Broadway's Jelani Alladin works to break barriers in theater

The seeds of Jelani Alladin’s career in the arts were sown while a student at New Canaan High School, whose very first role was starring as the Cat in the Hat in “Seussical the Musical” as a sophomore. The Brooklyn born-thespian attended high school here through the A Better Chance (ABC) program.

“The theater program there was where I began my exploration into the arts and I am incredibly grateful for all the lessons I learned there. Dee Alexander [New Canaan High School Theatre Coordinator Deirdre Alexander] was so amazing and instrumental in pushing me to become the best artist I could at that time,” he said. “I did almost every show that I could there and I learned so much from the different types of roles I played, whether I was in the ensemble or front and center.”

Alladin recalls Alexander telling him she saw some natural talent in him, which drove him to work harder. “When I was given the chance to be the star of my first show, I did not take that lightly. I felt an incredible responsibility to learn as much as I can as quickly as I could,” he said. Unlike many of his fellow students who could afford to take private voice and acting lessons, as an ABC student, he would be cooking his meals in the ABC House kitchen and reading the script and singing his songs over and over every night.

He has long been driven and determined to improve as a singer, actor and dancer. His hard work is paying off. After graduating New Canaan High School in 2010 and New York University’s prestigious Tisch School of the Arts, he made his Broadway debut as Kristoff in “Frozen” in 2018, a life-changing role.

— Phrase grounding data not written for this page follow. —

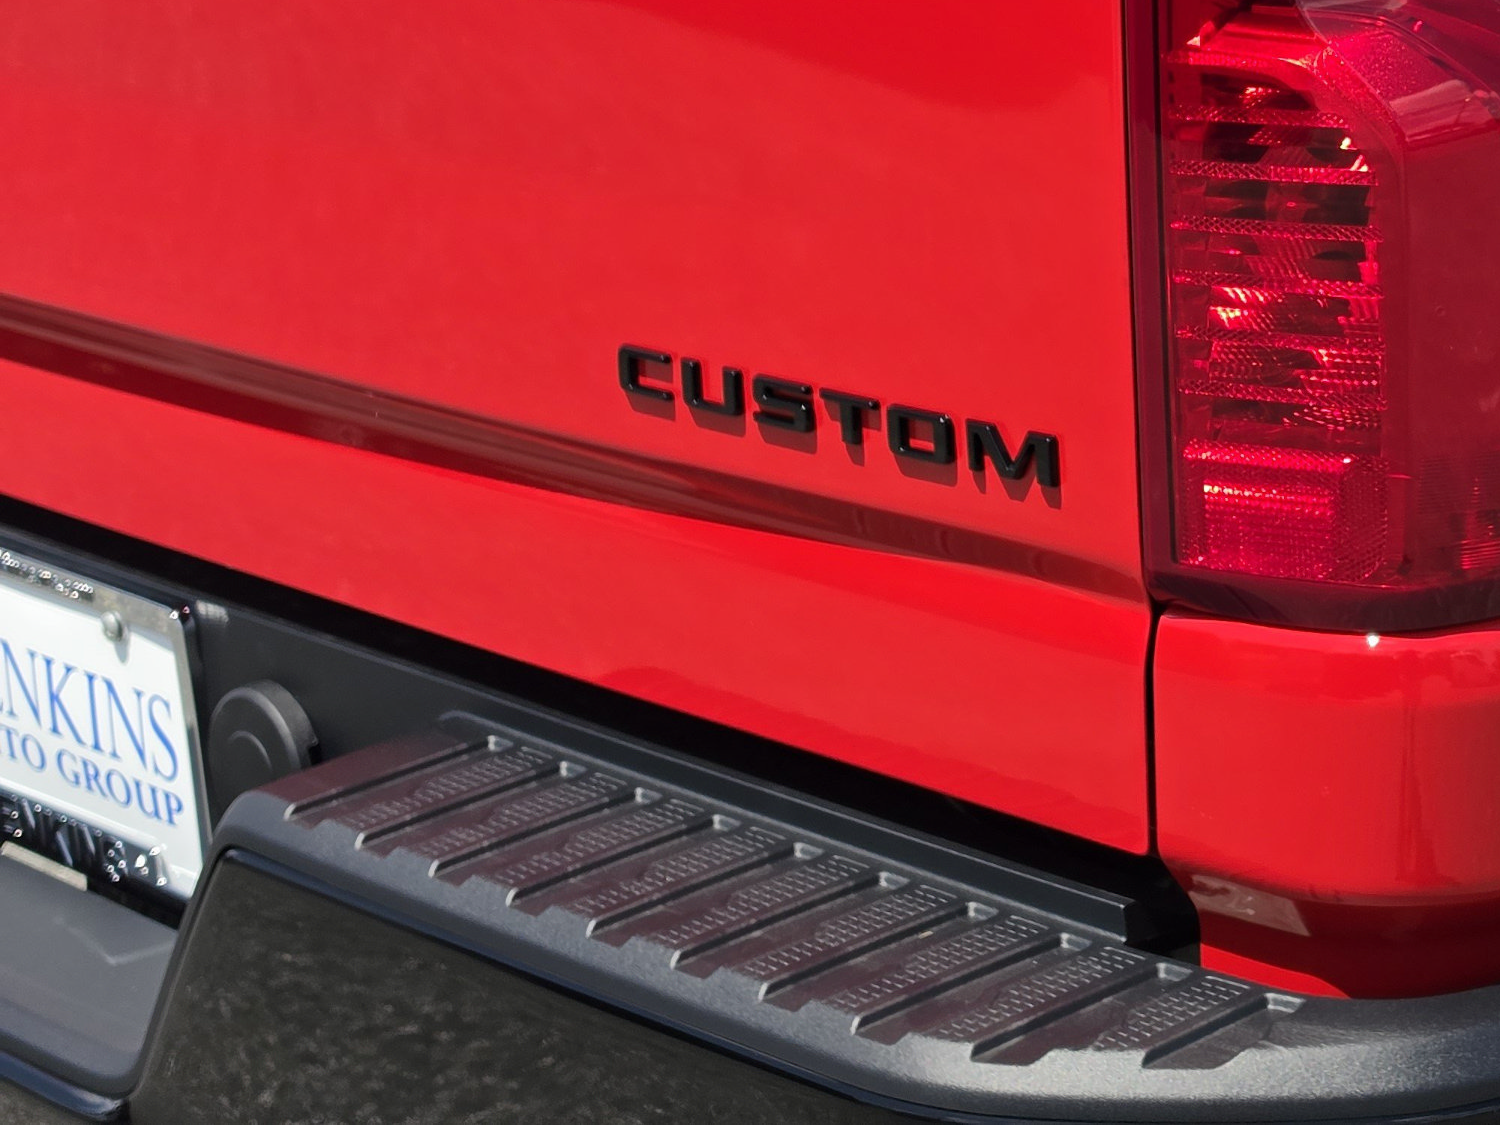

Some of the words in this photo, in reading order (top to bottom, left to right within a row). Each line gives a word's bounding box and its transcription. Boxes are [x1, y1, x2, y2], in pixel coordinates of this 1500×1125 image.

[617, 342, 1060, 488] CUSTOM
[0, 636, 178, 782] NKINS
[55, 748, 184, 826] GROUP
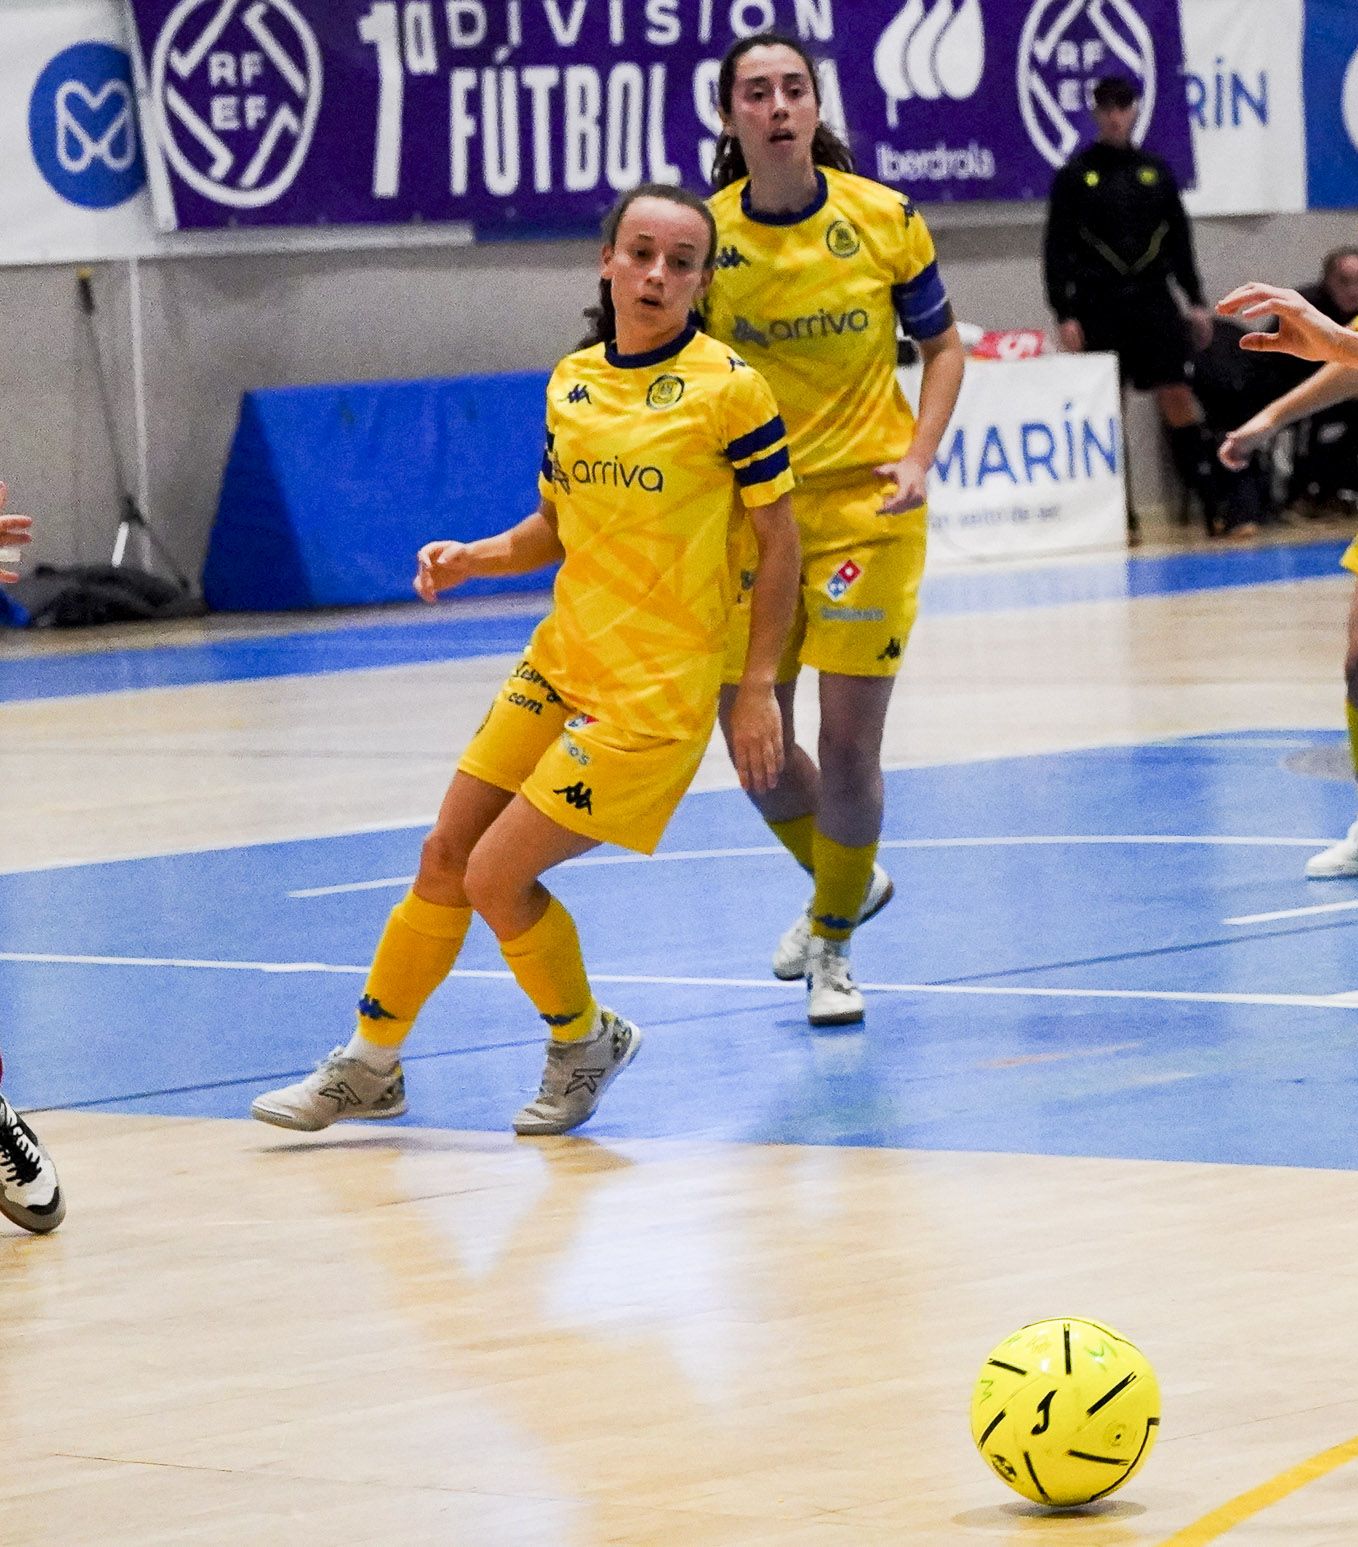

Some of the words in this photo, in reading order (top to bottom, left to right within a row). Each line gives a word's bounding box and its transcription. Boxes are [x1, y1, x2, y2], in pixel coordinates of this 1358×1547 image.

[208, 50, 265, 87] RF
[210, 93, 268, 130] EF
[449, 44, 682, 195] FÚTBOL
[769, 307, 870, 342] arriva
[572, 455, 664, 493] arriva

“It was an incredible honor for me because never in my wildest dreams would I have thought that’s how I would have made my Broadway debut,” he said. “Disney Theatricals took a chance on me because I was the best person for the part. What they didn’t know was they were also hiring an activist to play the part.”

Activism is a thread that has long run through Alladin’s life. As one of a handful of African-American students at New Canaan High School, he personally experienced racism, both covert and outright. He is quick to say however, that for every one act of racism he experienced, there were a hundred good experiences he had there.

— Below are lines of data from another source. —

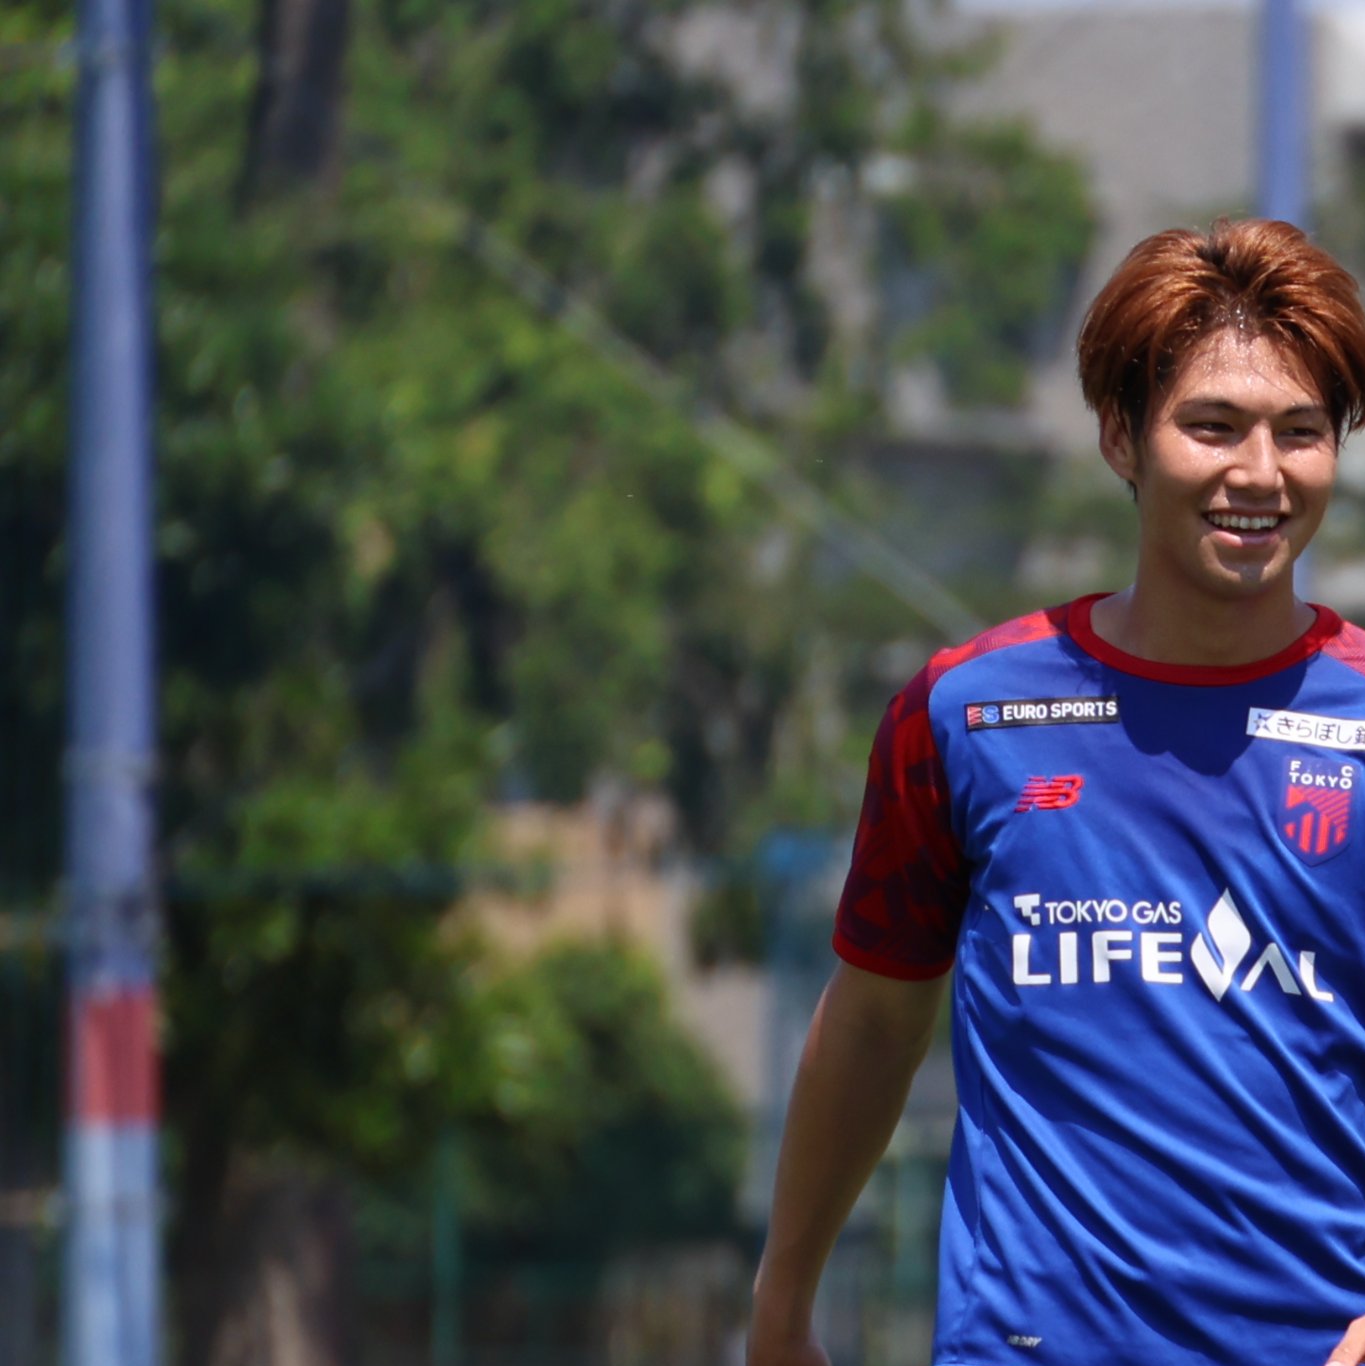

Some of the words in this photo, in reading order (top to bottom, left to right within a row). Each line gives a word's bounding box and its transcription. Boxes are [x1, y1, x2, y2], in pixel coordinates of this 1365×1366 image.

[1002, 704, 1048, 721] EURO
[1050, 701, 1117, 719] SPORTS
[1289, 772, 1353, 790] TOKYO
[1045, 899, 1127, 924] TOKYO
[1132, 901, 1182, 924] GAS

Given that the phone interview for this article took place amid the protests that were being held over George Floyd’s death at the hands of police officers in Minneapolis, the conversation naturally strayed from the arts to race. The two topics are perhaps inextricably linked.

Artists use their voice to change hearts and minds on stage. Both on and off stage, Alladin has been working towards racial inclusivity and equality. “One of the things I fought for in my time in ‘Frozen’ was that every Kristoff after me to be African-American because they needed to create a revolving door for African-Americans,” he said.

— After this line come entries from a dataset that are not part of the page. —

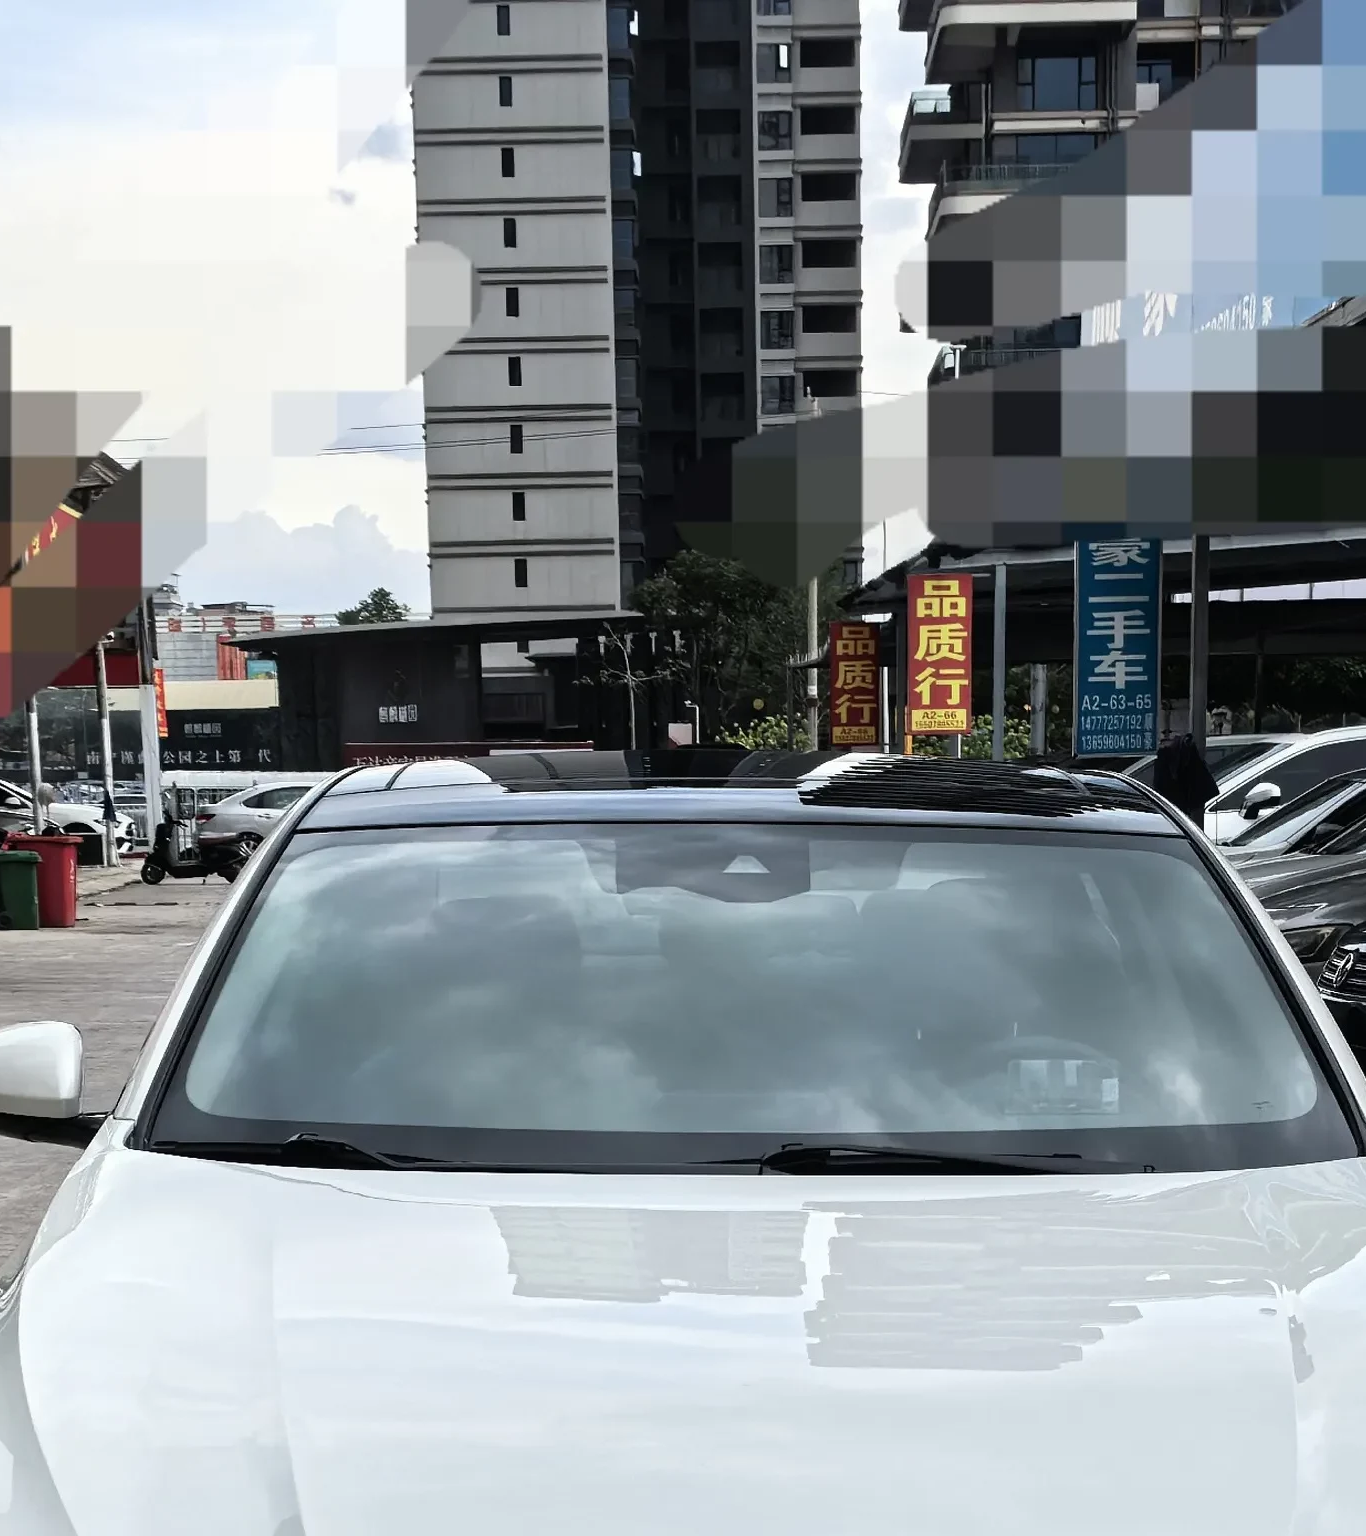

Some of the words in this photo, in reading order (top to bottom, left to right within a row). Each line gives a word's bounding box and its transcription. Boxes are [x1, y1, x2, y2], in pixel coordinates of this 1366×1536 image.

[913, 579, 969, 706] 品质行
[833, 625, 878, 724] 品质行
[1081, 693, 1152, 711] A2-63-65
[921, 710, 958, 720] A2-66
[1081, 733, 1142, 750] 13659604150

Creating a revolving door and changing the standard for how a role is seen — an African-American actor as Kristoff or as Nathan in “Guys and Dolls,” for example — is how it starts. “That’s how you do it, that’s how you change things. You create revolving doors,” he said.

After performing in “Frozen” for a year, he was going to step away from Broadway and turned his sights to film and television. During that time though, he was cast in the Public Theater’s residency of “Hercules” in Central Park last summer. His turn as an African American playing the titular hero can be described as revolutionary at the time. “I still think it is. Sadly, it actually has more resonance now than it did last summer,” he said.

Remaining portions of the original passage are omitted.